Some practitioners of entomophagy believe that raising insects for consumption by humans will help solve world hunger problems. Crickets and other insects, they say, are able to convert plant matter into protein more efficiently than animals such as cattle, pigs, or chicken. For example, the Food and Agriculture Organization of the United Nations states on its website that “crickets need six times less feed than cattle, four times less than sheep, and twice less than pigs and broiler chickens to produce the same amount of protein.”
However, new research from the University of California, Davis suggests that these numbers — at least for chickens — may be exaggerated. Mark Lundy, an agronomy advisor, and Michael Parrella, an entomologist, have found that house crickets (Acheta domesticus) fed a poultry-feed diet showed little improvement in protein conversion efficiency. Their research appears in the journal PLOS ONE.

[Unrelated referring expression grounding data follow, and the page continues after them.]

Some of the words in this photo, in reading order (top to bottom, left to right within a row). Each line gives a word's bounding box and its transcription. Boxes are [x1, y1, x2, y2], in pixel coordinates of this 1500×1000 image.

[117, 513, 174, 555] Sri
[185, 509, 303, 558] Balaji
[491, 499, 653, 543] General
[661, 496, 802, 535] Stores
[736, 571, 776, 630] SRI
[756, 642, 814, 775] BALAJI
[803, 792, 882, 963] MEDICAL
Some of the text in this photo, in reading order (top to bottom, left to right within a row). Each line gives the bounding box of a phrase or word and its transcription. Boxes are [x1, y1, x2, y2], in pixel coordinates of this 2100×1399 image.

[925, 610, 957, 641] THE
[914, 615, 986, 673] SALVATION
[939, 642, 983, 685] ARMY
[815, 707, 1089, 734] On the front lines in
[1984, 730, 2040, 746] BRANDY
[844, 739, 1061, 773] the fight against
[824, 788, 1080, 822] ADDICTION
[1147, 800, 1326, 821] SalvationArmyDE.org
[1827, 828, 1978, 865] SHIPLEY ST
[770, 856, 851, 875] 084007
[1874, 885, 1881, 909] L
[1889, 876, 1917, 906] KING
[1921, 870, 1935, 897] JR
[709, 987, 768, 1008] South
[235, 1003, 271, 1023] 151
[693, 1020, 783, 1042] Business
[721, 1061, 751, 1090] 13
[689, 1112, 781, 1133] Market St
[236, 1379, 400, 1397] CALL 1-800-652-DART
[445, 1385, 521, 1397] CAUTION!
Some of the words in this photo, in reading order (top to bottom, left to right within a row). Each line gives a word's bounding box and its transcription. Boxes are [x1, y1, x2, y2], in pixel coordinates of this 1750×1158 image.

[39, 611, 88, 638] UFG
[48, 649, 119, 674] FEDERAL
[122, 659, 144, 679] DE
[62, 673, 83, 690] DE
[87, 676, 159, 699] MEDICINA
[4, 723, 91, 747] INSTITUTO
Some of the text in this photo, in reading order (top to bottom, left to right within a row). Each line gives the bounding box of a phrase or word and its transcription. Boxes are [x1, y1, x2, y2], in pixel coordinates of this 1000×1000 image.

“Everyone assumes that crickets — and other insects — are the food of the future given their high feed conversion relative to livestock,” Dr. Parrella said. “However, there is very little data to support this, and this article shows the story is far more complex.”
“I’m all for exploring alternatives, and I am impressed by the amount of innovation that has sprung up around insect cultivation and cuisine in the last few years,” Dr. Lundy said. “However, while there is potential for insect cultivation to augment the global supply of dietary protein, some of the sustainability claims on this topic have been overstated.”
Dr. Lundy, who has a background in nutrient cycling in agroecosystems and in crop-livestock integration, became curious about the feed-conversion ratios of various livestock after an entomologist friend told him that crickets were known to be more efficient than other animals.
“I guess what made me do the study is that I was hoping crickets were a free lunch, and I wanted to quantify it more thoroughly,” he said.
He and Dr. Parrella raised crickets on five different diets of varying quality in order to specifically quantify the relationship between feed quality and cricket growth. Crickets that received the highest-quality feed grew the largest and fastest. Those fed an ensiled combination of poultry manure, wheat straw, and rice straw fared the worst.
“The unprocessed and lower-quality organic side-streams tested in this study could not support adequate growth and survival of cricket populations,” they wrote. “Therefore, the potential for crickets to supplement the global supply of dietary protein appears to be more limited than has been recently suggested.”
“Our study demonstrates that the sustainability gains associated with cultivating crickets as an alternative source of protein will depend, in large part, on what the crickets are fed and which systems of livestock production they are compared to,” Dr. Lundy said. “Insect cultivation is more likely to contribute to human nutrition at a scale of economic and ecological significance if it does not rely on a diet that competes with conventional livestock, but more innovation is needed for this to become a reality. Moving forward, the imperative will be to design cost-effective processes that enable large populations of insects to capture protein from underutilized organic waste and side streams.”
The authors note that, in addition to crickets, many other insects are also being considered as possible food and feed sources, and that some — such as the black soldier fly (Hermetia illucens) — may be better suited for converting low-quality, organic materials into protein.
“In order for insect cultivation to sustainably augment the global supply of protein, more work is needed to identify species and design processes that capture protein from scalable, low-value organic side-streams, which are not currently consumed by conventional livestock,” they wrote.